Dr. McGuire's research interests are in organismal diversification, with a special emphasis on the evolutionary biology of reptiles, amphibians, and hummingbirds.
Evolution of Organismal Diversity
Dr. McGuire's research aims to connect several aspects of the evolution of organismal diversity, including lineage diversification, historical biogeography, and the influence of morphological, physiological, and molecular evolution on organismal performance.
Though his research is rooted in phylogenetic systematics, Dr. McGuire uses several approaches to gain insight into evolutionary processes. His research combines phylogenetics, population genetics, comparative methods, and experimental approaches for field measurement of locomotor and physiological performance.
The Historical Biogeography of Sulawesi
Much of Dr. McGuire's research is dependent on fieldwork undertaken in Southeast Asia (especially Indonesia), where the herpetofauna is among the least known and most endangered.
One such project is an investigation of the historical biogeography of the mega-diverse Indonesian island of Sulawesi. This study integrates phylogenetic and coalescent-based population genetic analyses of multilocus DNA sequence data for frogs, lizards, and monkeys to understand (1) how the complex tectonic history of Sulawesi (which is comprised of multiple paleo-islands) led to initial diversification of Sulawesi fauna, and (2) the factors that have prevented these species from merging once Sulawesi became a single contiguous land mass.
The Diversification and Evolution of Hummingbirds
Another major project in Dr. McGuire’s laboratory investigates the diversification of hummingbirds, and the evolution of high-elevational occurrence in this remarkable group. Although hummingbirds utilize the most energetically costly form of vertebrate locomotion, they nevertheless are most diverse at high elevation in the Andes Mountains where flight should be most challenging.
Our team is combining analyses of hummingbird phylogeny, molecular evolution of hemoglobin genes (which code for the oxygen-transport proteins), and respiratory physiological performance (i.e., hypoxia resistance, hovering metabolic rate, etc.) across altitudinal gradients in the Andes to understand how hummingbirds have succeeded in colonizing high-altitude habitats.
Dr. McGuire: Q&A
Why did you decide to become a scientist?
At some level, I really had no choice in the matter. From my earliest recollections, I was fascinated by reptiles and amphibians. Even in grade school my dream was to become a herpetologist. Nevertheless, I almost missed my opportunity because I allowed a misguided sense of pragmatism to lead me down a different path when I attended university (my bachelor’s degree was in finance rather than biology). A chance encounter with a herpetologist who took me under his wing provided my introduction to herpetological research. I ultimately committed to a career in science while visiting the amazing Isla Santa Catalina in the Sea of Cortez – an island on which virtually every species is endemic. I realized at that moment that - no matter the cost - I needed to commit my life to studying biological diversity.
What led you to the questions you are now investigating in your research?
I have to admit that I essentially stumbled into my comparative Sulawesi biogeography research program. I was working on the role that body size evolution and scaling relationships played in the evolution of gliding performance in flying lizards.
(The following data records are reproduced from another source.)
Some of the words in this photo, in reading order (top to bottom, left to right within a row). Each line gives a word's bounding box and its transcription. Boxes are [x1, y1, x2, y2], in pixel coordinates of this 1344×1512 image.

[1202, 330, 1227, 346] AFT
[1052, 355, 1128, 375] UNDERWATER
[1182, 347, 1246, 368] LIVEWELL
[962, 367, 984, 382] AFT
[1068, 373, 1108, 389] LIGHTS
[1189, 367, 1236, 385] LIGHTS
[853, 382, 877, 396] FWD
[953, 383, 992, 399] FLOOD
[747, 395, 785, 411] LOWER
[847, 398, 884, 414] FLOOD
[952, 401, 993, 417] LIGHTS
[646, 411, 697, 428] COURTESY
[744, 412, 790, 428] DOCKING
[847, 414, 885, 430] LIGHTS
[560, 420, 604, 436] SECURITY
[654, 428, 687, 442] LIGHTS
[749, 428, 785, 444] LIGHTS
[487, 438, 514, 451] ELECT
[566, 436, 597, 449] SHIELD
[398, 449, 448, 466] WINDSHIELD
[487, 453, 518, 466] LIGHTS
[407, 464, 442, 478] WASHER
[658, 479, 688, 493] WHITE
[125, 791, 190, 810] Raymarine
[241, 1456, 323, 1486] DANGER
Because this project required a phylogenetic framework, I conducted fieldwork throughout SE Asia sampling flying lizards. When that work took me to Sulawesi, I realized based on my collections that flying lizards would be an appropriate model system to test hypotheses related to Sulawesi biogeography.
My work with hummingbirds had a similar origin, but our latest work on hemoglobin molecular evolution and comparative physiological performance across elevational gradients was a natural extension of our previous work investigating morphological evolution and flight kinematics across these same elevational transects.
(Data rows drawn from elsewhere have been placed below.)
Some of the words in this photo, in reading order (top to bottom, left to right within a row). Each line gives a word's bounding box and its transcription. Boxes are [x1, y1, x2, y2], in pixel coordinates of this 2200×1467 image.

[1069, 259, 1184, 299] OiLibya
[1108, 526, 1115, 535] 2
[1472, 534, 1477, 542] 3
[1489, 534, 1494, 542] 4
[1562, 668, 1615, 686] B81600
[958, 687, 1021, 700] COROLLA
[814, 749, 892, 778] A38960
What do you enjoy most about your research?
One particularly enjoyable aspect of my work occurs when I have the opportunity analyze a data set for the first time. With the sort of work that I do, it often takes years to complete a project because I generally need to perform extensive fieldwork to obtain genetic samples or performance data. Thus, when I finally have that opportunity to interpret analytical results that provide a crucial test of a particular hypothesis, it is very exciting and fulfilling.
I also thoroughly enjoy fieldwork, which takes me to amazing places few people have the opportunity to experience, while allowing me to study my focal species in their own element.